[Start of Attachment]

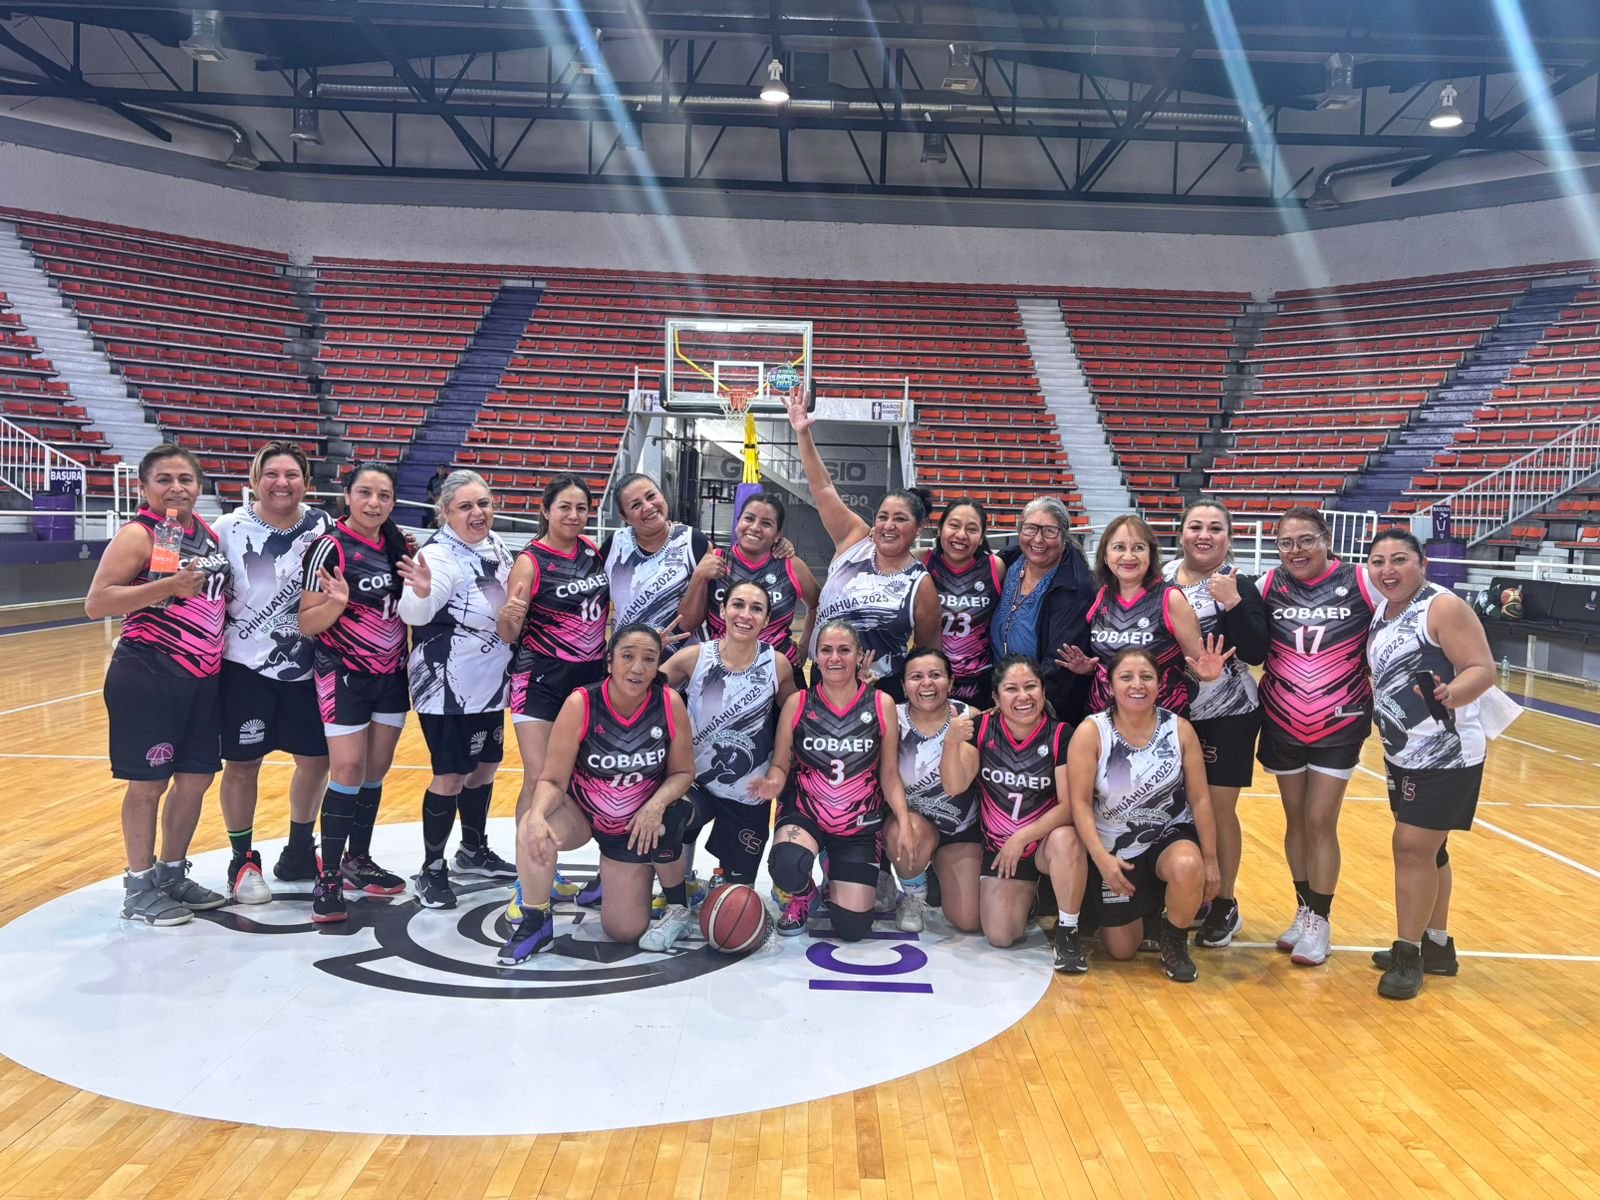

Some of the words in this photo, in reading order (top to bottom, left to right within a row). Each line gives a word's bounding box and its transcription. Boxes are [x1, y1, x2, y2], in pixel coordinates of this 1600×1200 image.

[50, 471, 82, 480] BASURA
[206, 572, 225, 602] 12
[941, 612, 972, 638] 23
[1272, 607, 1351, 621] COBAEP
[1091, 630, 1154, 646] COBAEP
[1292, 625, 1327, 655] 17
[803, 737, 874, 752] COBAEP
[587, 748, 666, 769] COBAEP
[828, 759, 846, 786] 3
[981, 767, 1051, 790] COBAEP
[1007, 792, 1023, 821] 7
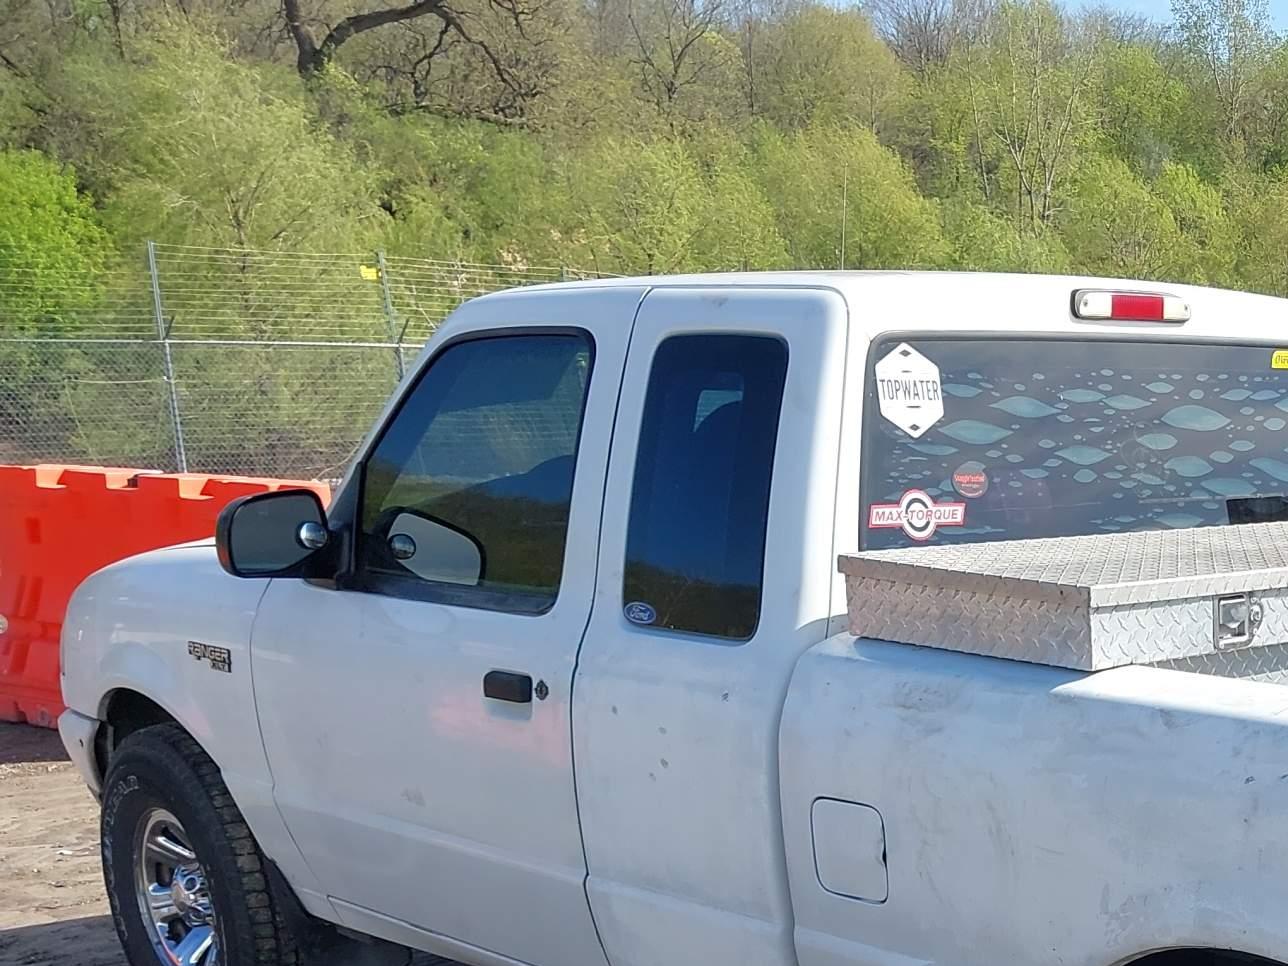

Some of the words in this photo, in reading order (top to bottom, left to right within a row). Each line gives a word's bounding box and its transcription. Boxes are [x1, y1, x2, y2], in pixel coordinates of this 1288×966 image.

[End of Attachment]

### [What you will do]
The reply must hold every line above exactly as written and none of the pictures.

### [Output for this exercise]
Some of the words in this photo, in reading order (top to bottom, left to right within a row). Each line gives a word's bounding box and its transcription. Boxes are [x1, y1, x2, y2], in pixel coordinates of this 1600×1200 image.

[50, 471, 82, 480] BASURA
[206, 572, 225, 602] 12
[941, 612, 972, 638] 23
[1272, 607, 1351, 621] COBAEP
[1091, 630, 1154, 646] COBAEP
[1292, 625, 1327, 655] 17
[803, 737, 874, 752] COBAEP
[587, 748, 666, 769] COBAEP
[828, 759, 846, 786] 3
[981, 767, 1051, 790] COBAEP
[1007, 792, 1023, 821] 7

Some of the words in this photo, in reading order (top to bottom, left to right within a row). Each line gives a word's bounding box and its transcription. Boxes are [x1, y1, x2, y2], in pixel coordinates of this 1288×966 image.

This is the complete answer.